2 Prudential agents charged with allegedly forging documents

Grace Tan Zhen Zhi (right) faces two charges under the Financial Advisers Act while Eunice Yuen Pui Leng faces a total of six charges. ST PHOTOS: KELVIN CHNG

SINGAPORE - Two insurance agents from Prudential Assurance Company Singapore who were allegedly involved in forging coaching forms were charged in court on Thursday (May 19).

Grace Tan Zhen Zhi, 38, faces two charges under the Financial Advisers Act, and Eunice Yuen Pui Leng, 44, faces a total of six charges, five under the same Act and one for intentionally obstructing justice.

According to a Monetary Authority of Singapore (MAS) statement, Yuen was notified on Sept 14, 2018 to attend an interview with MAS to record a statement in connection with an investigation.

Court documents reveal that between Sept 14 and Sept 16, 2018, Yuen had allegedly asked Tan to fill in coaching forms despite knowing that Tan did not have the knowledge of the particulars of the sessions.

The forms were related to two Prudential financial consultants who were supervised by Yuen.

Tan then purportedly filled in the forms, making false entries, before they were handed to the MAS officer.

On Sept 17, 2018, following an order issued by MAS, Yuen had allegedly given the forms containing false or misleading information to an MAS officer.

The seven forms for each man allegedly contained false or misleading information as to the dates of coaching sessions held with the two employees, the details of matters discussed during the sessions and the dates the documents were prepared.

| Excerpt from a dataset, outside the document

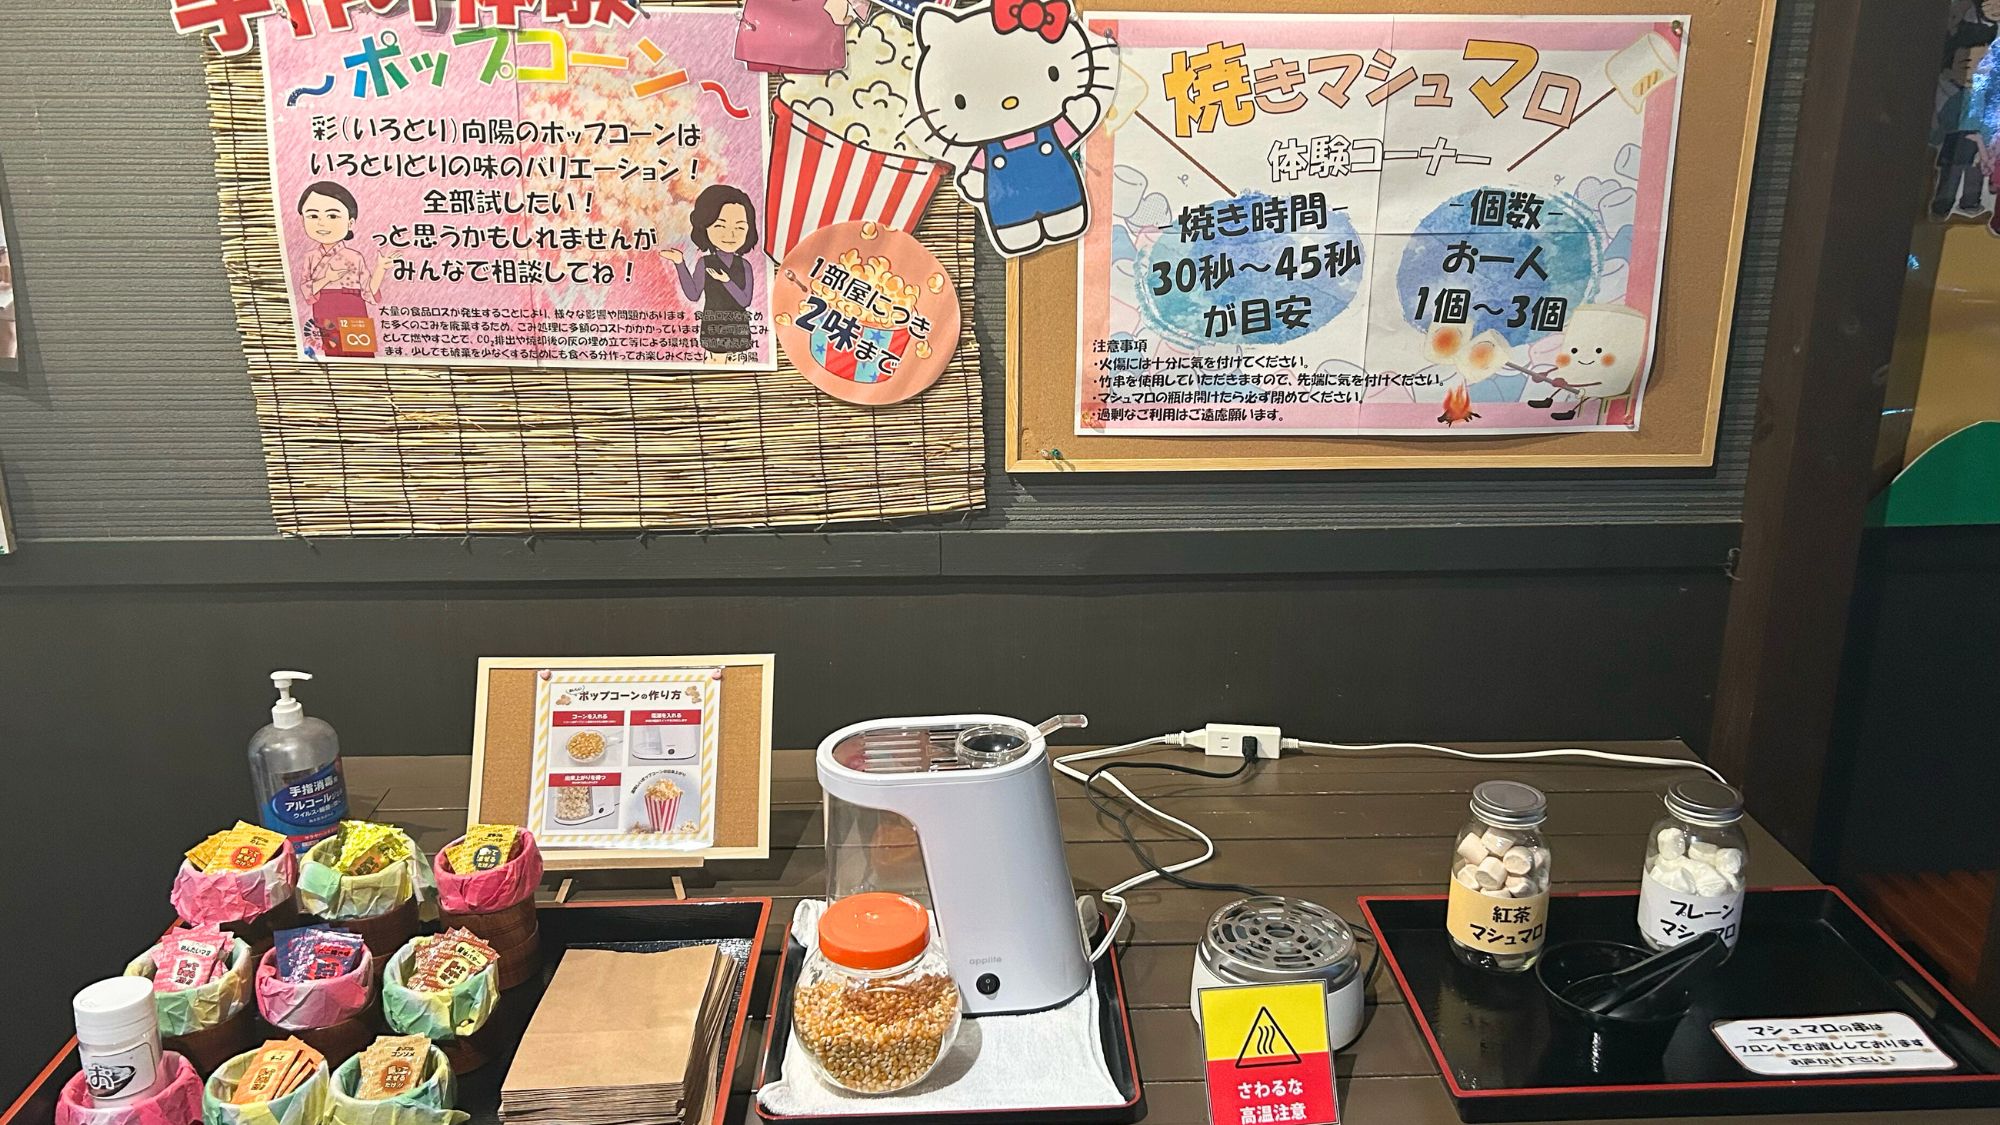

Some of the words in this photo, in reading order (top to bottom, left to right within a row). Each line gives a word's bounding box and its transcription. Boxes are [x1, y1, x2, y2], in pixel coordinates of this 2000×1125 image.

Ahead of her interview with MAS, Yuen also allegedly deleted WhatsApp messages that were likely to be required for the MAS investigation.

If Tan and Yuen are found guilty of making false entries in documents or causing them to be made, they can be fined up to $100,000 or jailed for up to two years for each charge.

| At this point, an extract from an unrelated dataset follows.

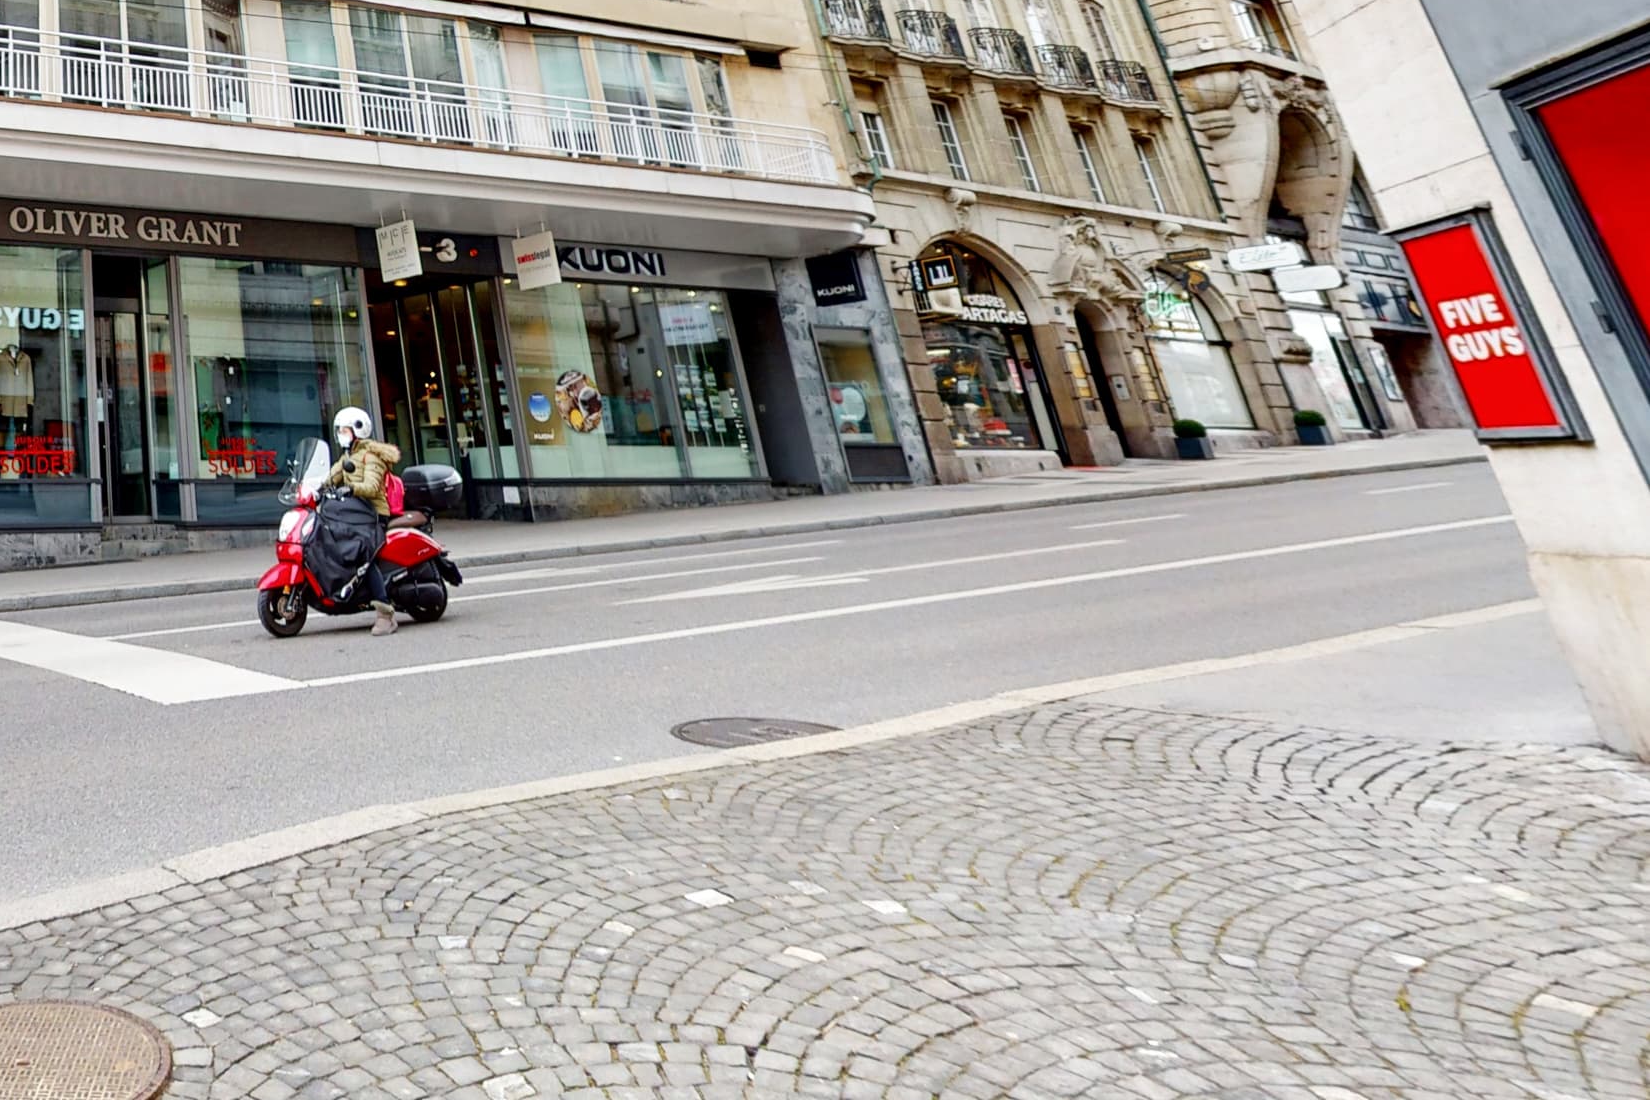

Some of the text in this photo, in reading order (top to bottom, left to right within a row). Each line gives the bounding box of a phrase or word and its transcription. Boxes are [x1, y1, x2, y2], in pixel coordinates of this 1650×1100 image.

If Yuen is found guilty of furnishing the falsified documents to MAS or of providing false or misleading information to an MAS investigating officer during an interview, she can be fined up to $50,000, jailed for up to two years, or both for each charge.

If she is found guilty of intentionally obstructing justice, she can be jailed for up to seven years, fined, or both.

Tan and Yuen's next court date is on June 16.